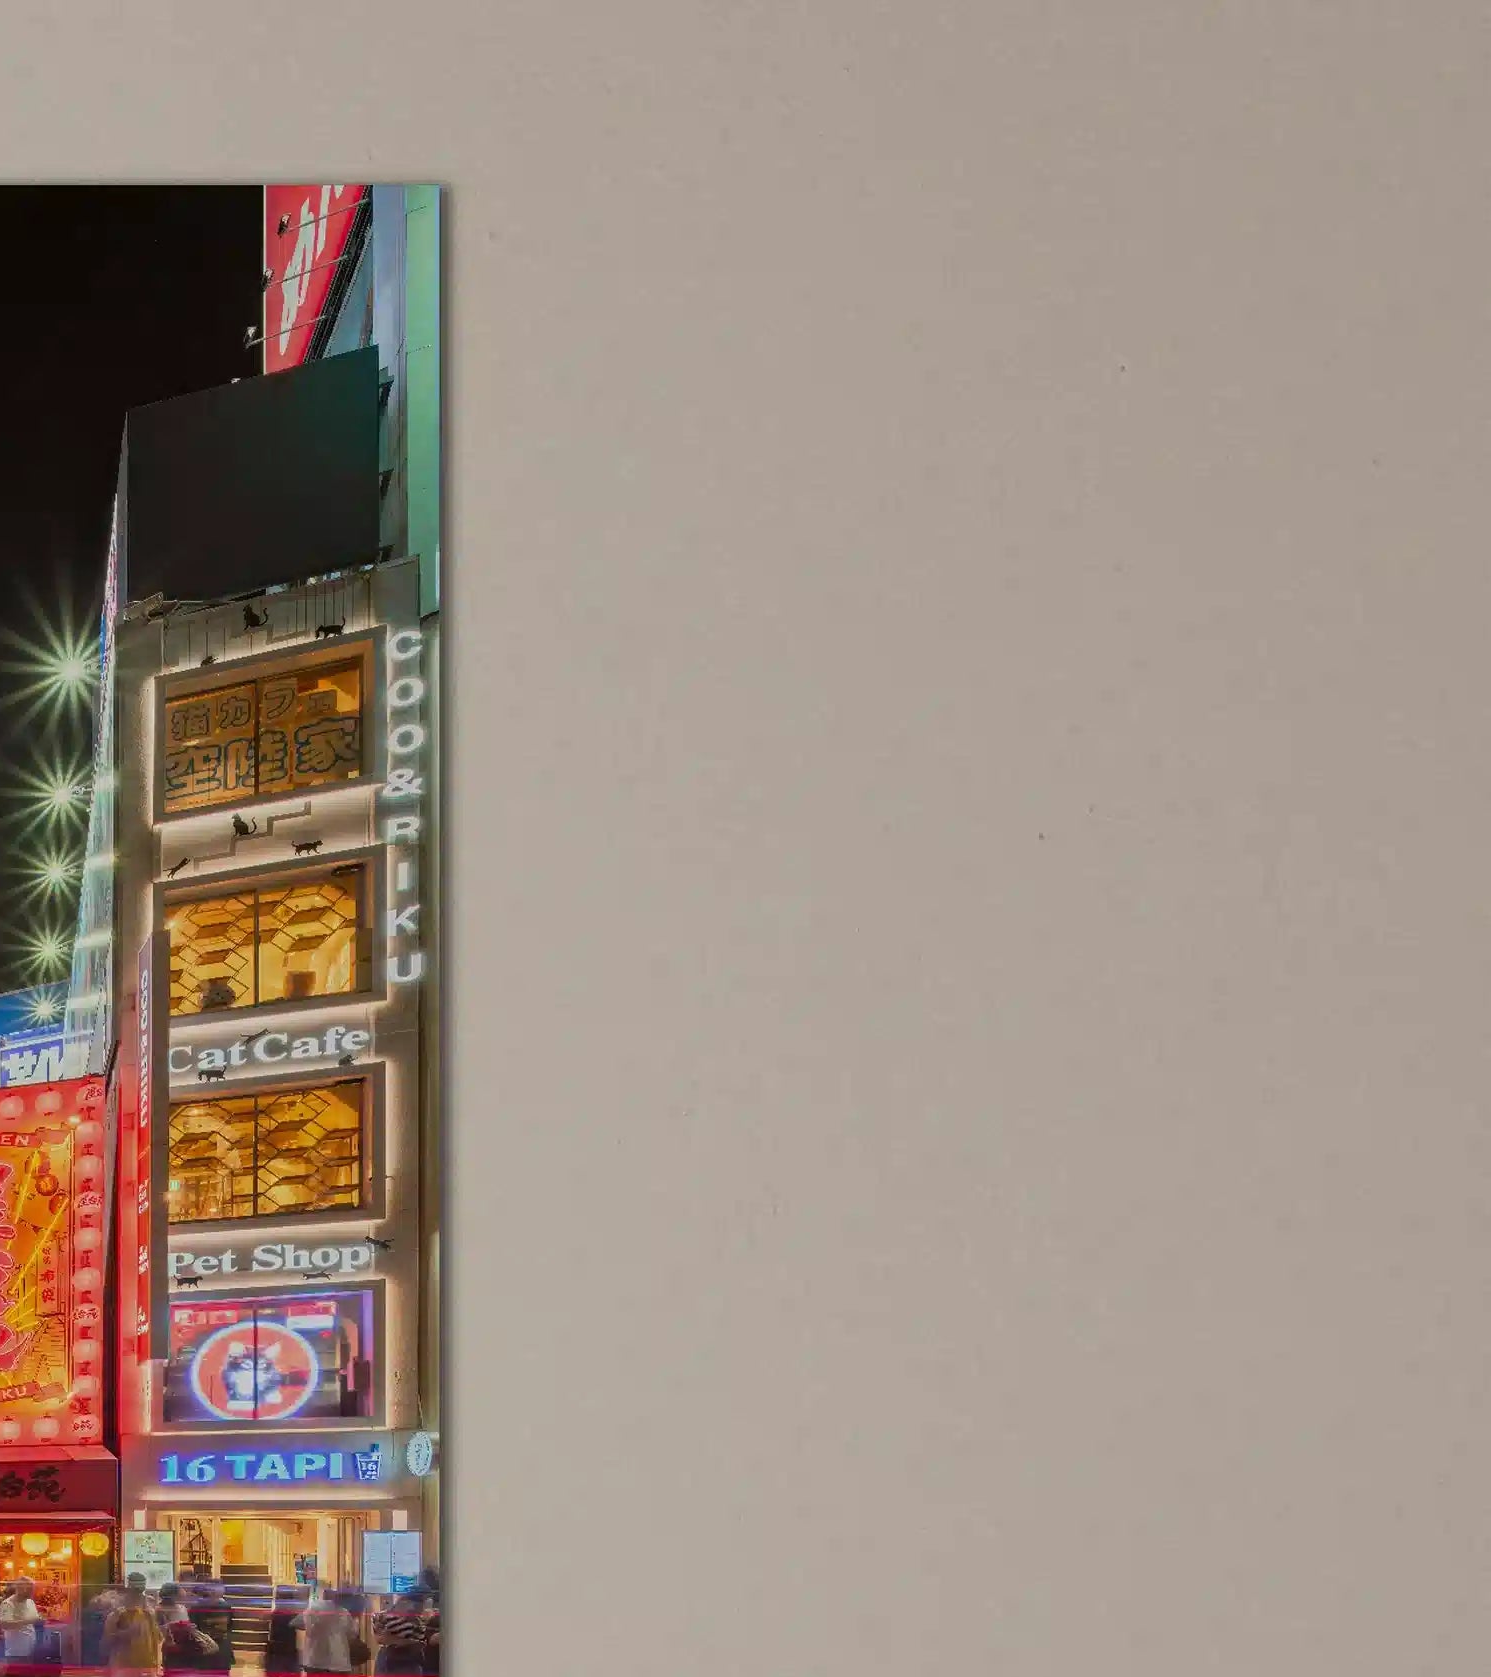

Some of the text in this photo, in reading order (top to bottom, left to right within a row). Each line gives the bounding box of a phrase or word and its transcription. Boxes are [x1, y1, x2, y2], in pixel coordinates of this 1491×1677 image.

[168, 1026, 369, 1073] Cat Cafe
[168, 1243, 370, 1277] Pet Shop
[160, 1453, 343, 1482] 16 TAPI
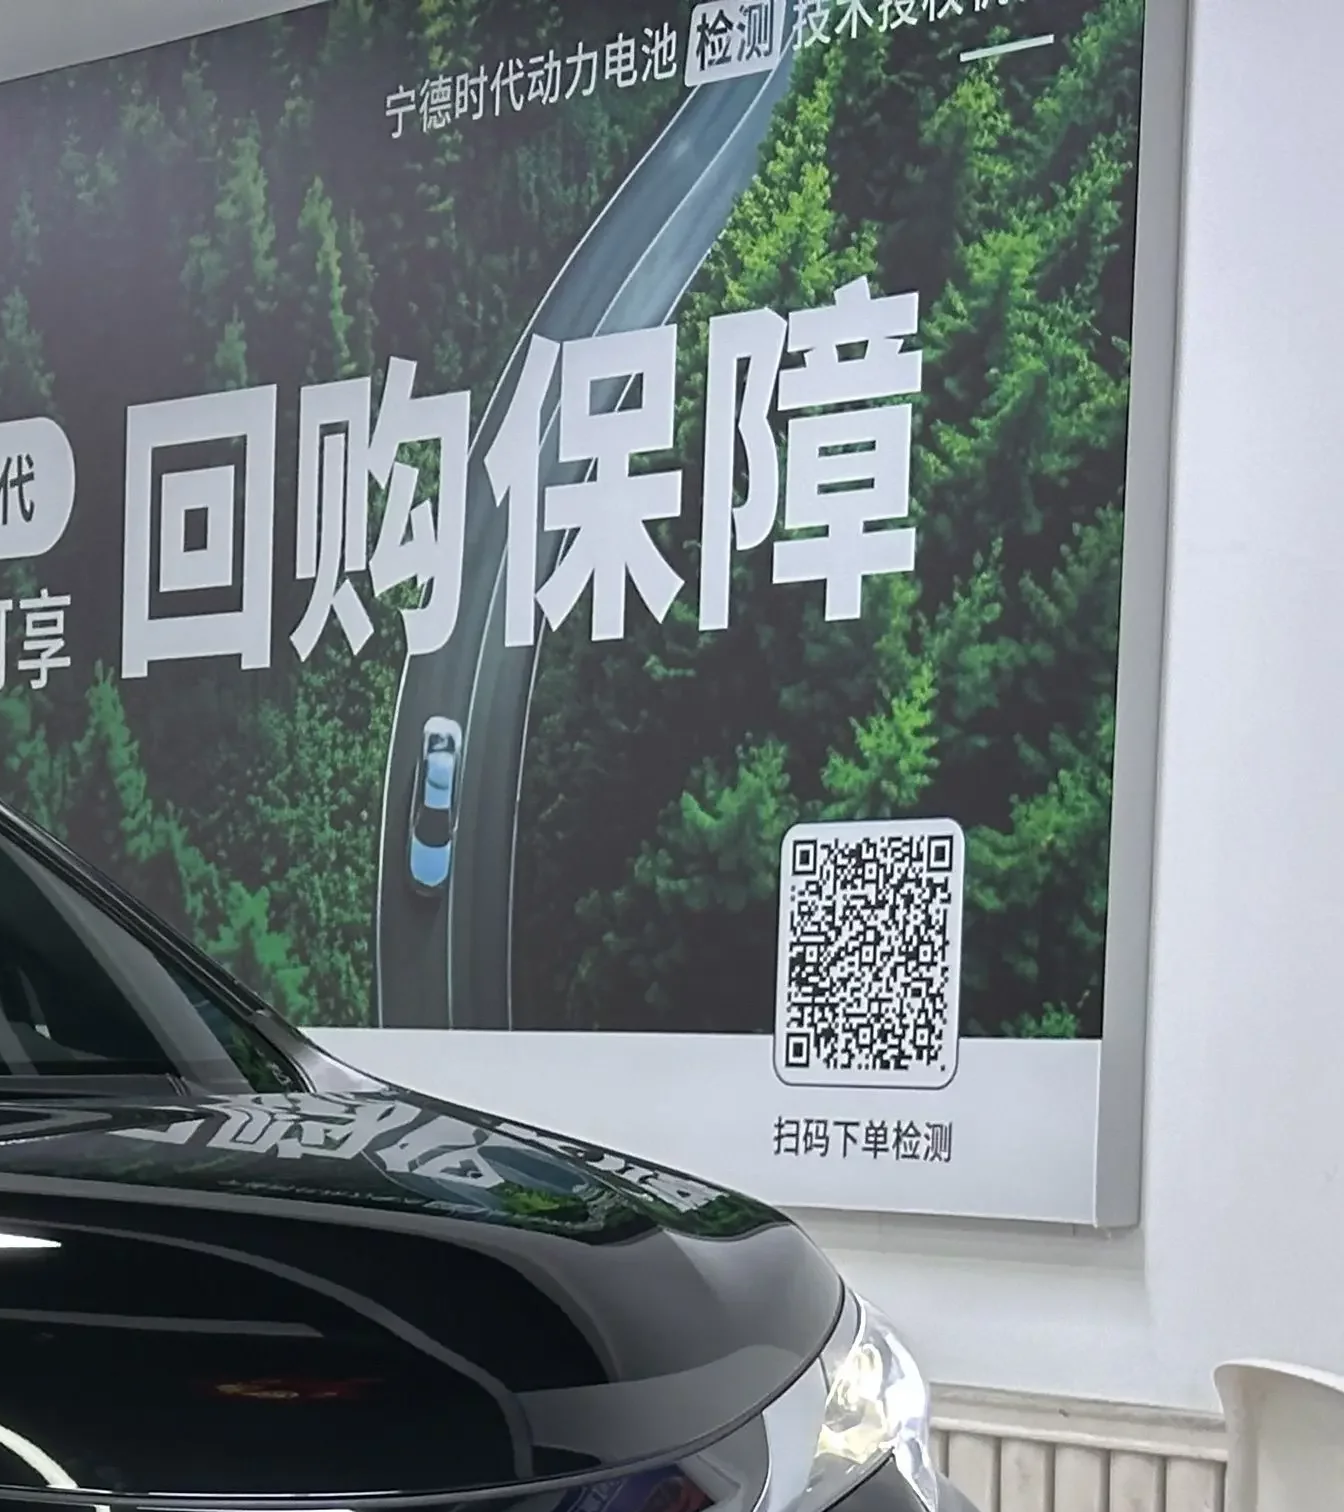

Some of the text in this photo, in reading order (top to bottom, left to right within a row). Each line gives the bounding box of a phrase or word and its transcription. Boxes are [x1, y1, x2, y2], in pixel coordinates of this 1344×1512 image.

[385, 28, 678, 139] 宁德时代动力电池
[696, 2, 774, 71] 检测
[121, 275, 923, 679] 回购保障
[772, 1114, 953, 1163] 扫码下单检测

-*-*-

» EXERCISE AIM
Could you reproduce the listing above exactly and drop every picture?

» WRITTEN REPLY
Some of the text in this photo, in reading order (top to bottom, left to right within a row). Each line gives the bounding box of a phrase or word and its transcription. Boxes are [x1, y1, x2, y2], in pixel coordinates of this 1491×1677 image.

[168, 1026, 369, 1073] Cat Cafe
[168, 1243, 370, 1277] Pet Shop
[160, 1453, 343, 1482] 16 TAPI

Some of the text in this photo, in reading order (top to bottom, left to right within a row). Each line gives the bounding box of a phrase or word and its transcription. Boxes are [x1, y1, x2, y2], in pixel coordinates of this 1344×1512 image.

[385, 28, 678, 139] 宁德时代动力电池
[696, 2, 774, 71] 检测
[121, 275, 923, 679] 回购保障
[772, 1114, 953, 1163] 扫码下单检测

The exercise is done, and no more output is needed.